Langevin was the principal investigator of studies funded by the National Institutes of Health. The Boston Globe describes her as a "celebrity" in the world of acupuncture.

== Biography ==
Langevin received an MD degree from McGill University in 1978. She did a post doctoral research fellowship in Neurochemistry at the MRC Neurochemical Pharmacology Unit in Cambridge, England, a residency in Internal Medicine and a fellowship in Endocrinology and Metabolism at Johns Hopkins Hospital. She was a Professor in Residence of Medicine at Harvard Medical School, Brigham and Women's Hospital. She was also a part-time Professor of Neurology, Orthopedics and Rehabilitation at the University of Vermont College of Medicine. She was the Principal Investigator of two NIH-funded studies investigating the role of connective tissue in low back pain and the mechanisms of manual and movement based therapies. Her previous studies in humans and animal models have found that "needle grasp", the biomechanical component of de qi, may be caused by connective tissue winding around the needle.

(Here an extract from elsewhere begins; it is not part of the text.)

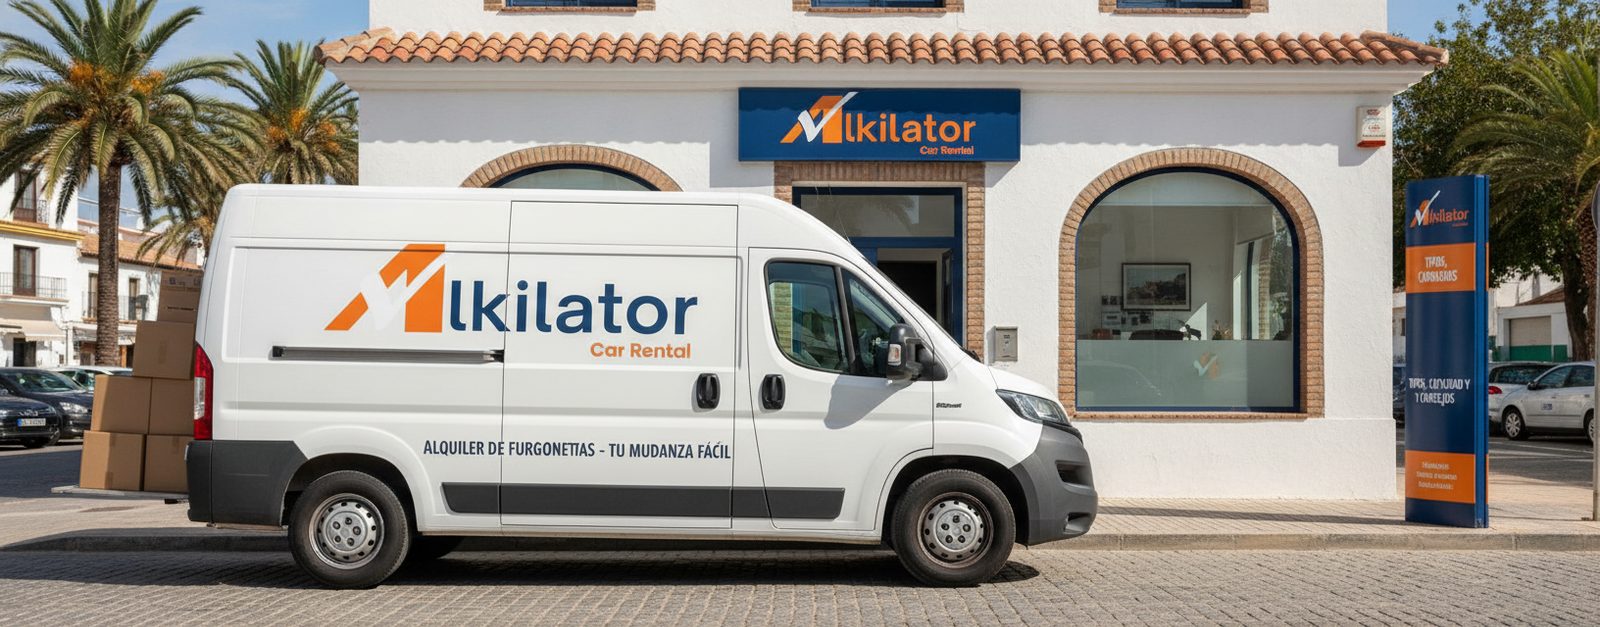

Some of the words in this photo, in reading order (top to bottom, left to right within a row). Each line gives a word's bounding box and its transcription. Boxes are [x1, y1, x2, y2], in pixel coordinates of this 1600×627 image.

Helene Langevin was appointed as Director of the Osher Center for Integrative Medicine at Harvard Medical School and Brigham and Women's Hospital in November 2012.

== Research related to acupuncture ==
In December 2001, a study by Langevin and several other researchers at the University of Vermont College of Medicine regarding the "Biomechanical response to acupuncture needling in humans" was published by the peer-reviewed Journal of Applied Physiology, which examined the effects of mechanical tissue stimulation during tissue stretch and during acupuncture.